Data:
==========
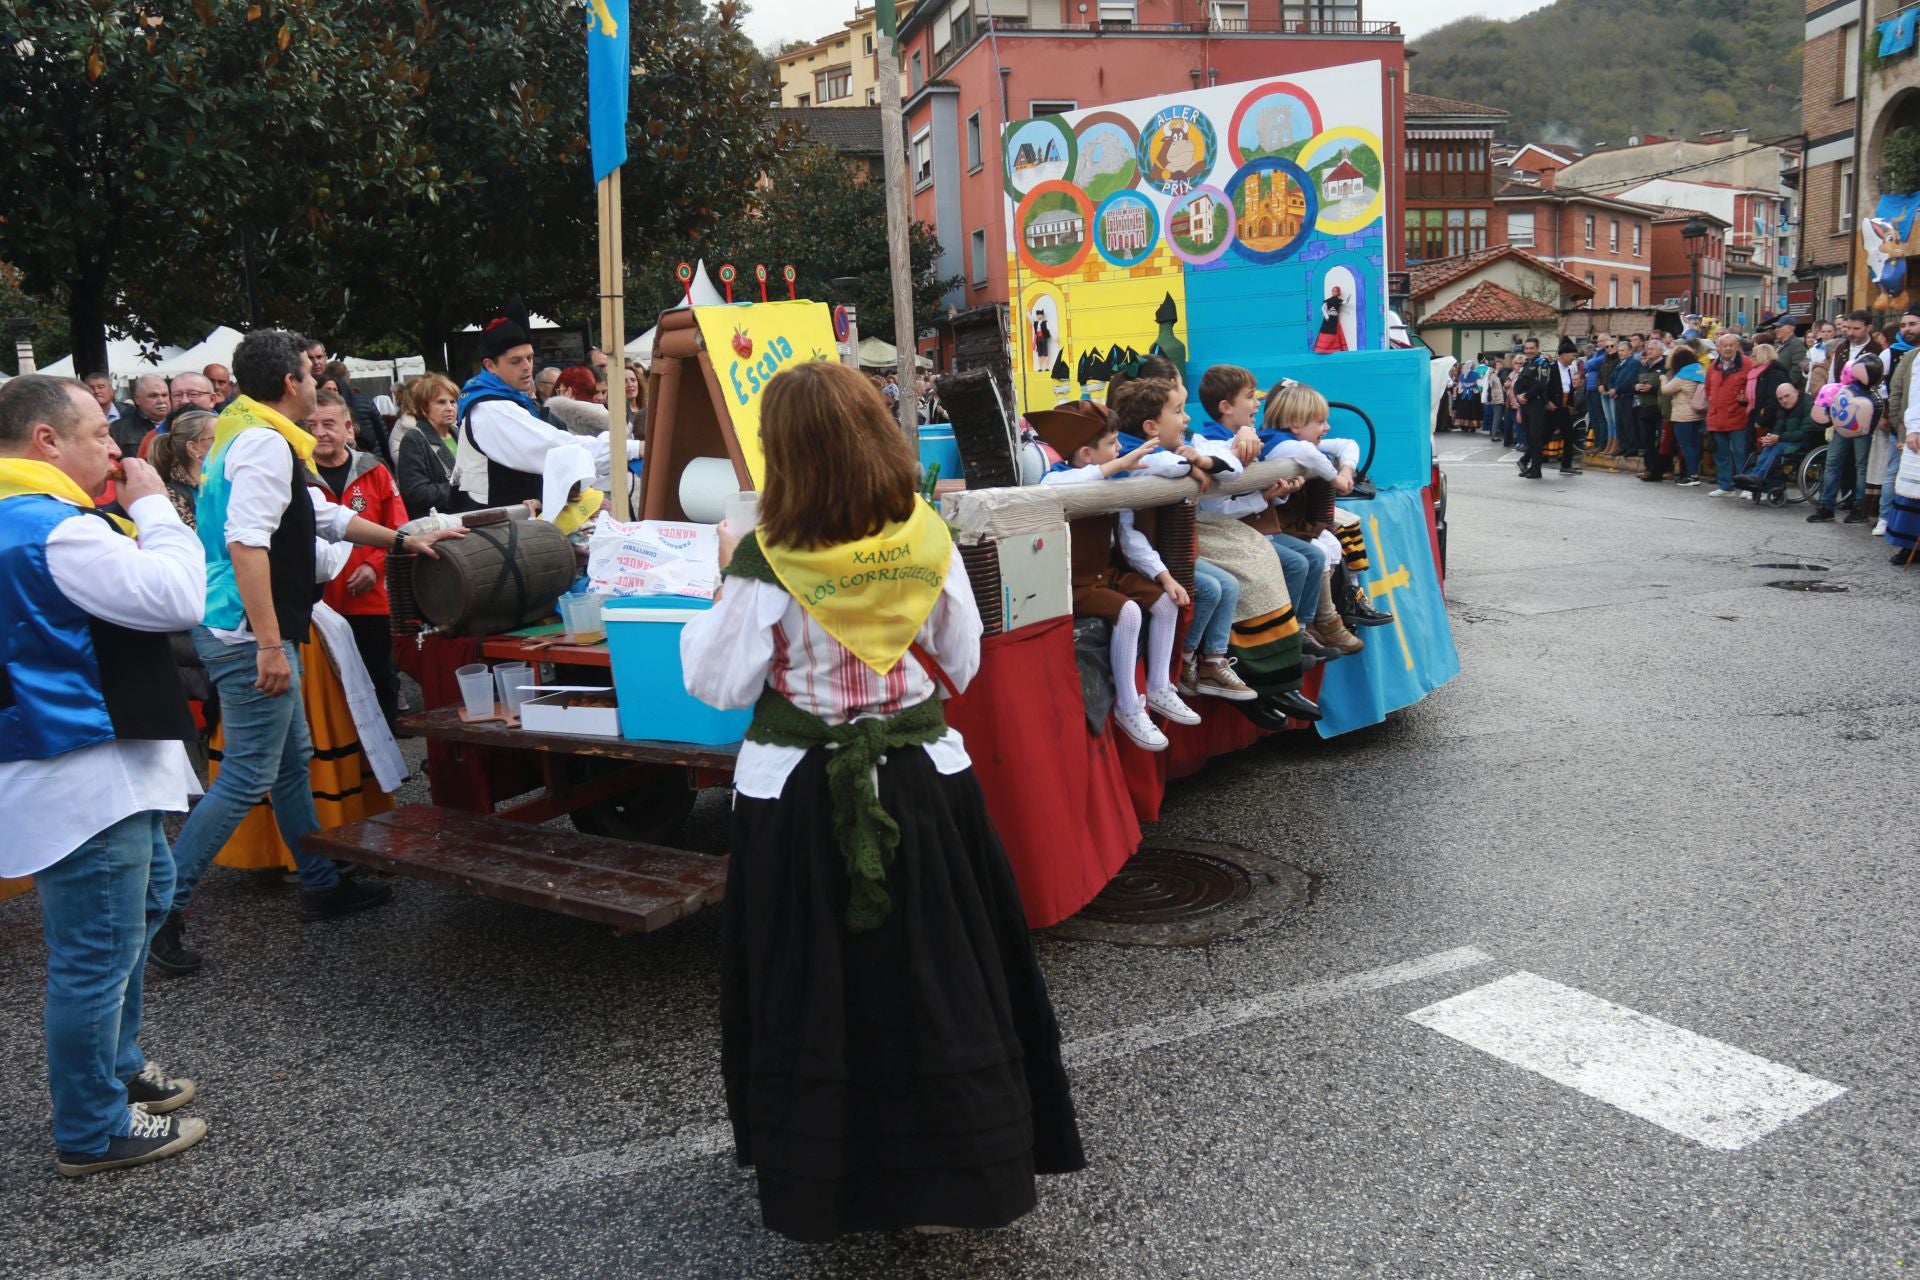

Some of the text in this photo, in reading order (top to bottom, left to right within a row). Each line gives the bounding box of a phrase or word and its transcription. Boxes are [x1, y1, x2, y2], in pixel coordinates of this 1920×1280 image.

[1157, 107, 1200, 127] ALLER
[1162, 177, 1193, 196] PRIX
[729, 335, 793, 405] Escala
[657, 527, 697, 539] MANUEL
[852, 543, 911, 564] XANDA
[804, 580, 836, 606] LOS
==========
Word for word, repeat all the data, but not its images.

Answer below:
Some of the text in this photo, in reading order (top to bottom, left to right within a row). Each line gives the bounding box of a phrase or word and its transcription. Boxes are [x1, y1, x2, y2], in pixel coordinates of this 1920×1280 image.

[1157, 107, 1200, 127] ALLER
[1162, 177, 1193, 196] PRIX
[729, 335, 793, 405] Escala
[657, 527, 697, 539] MANUEL
[852, 543, 911, 564] XANDA
[804, 580, 836, 606] LOS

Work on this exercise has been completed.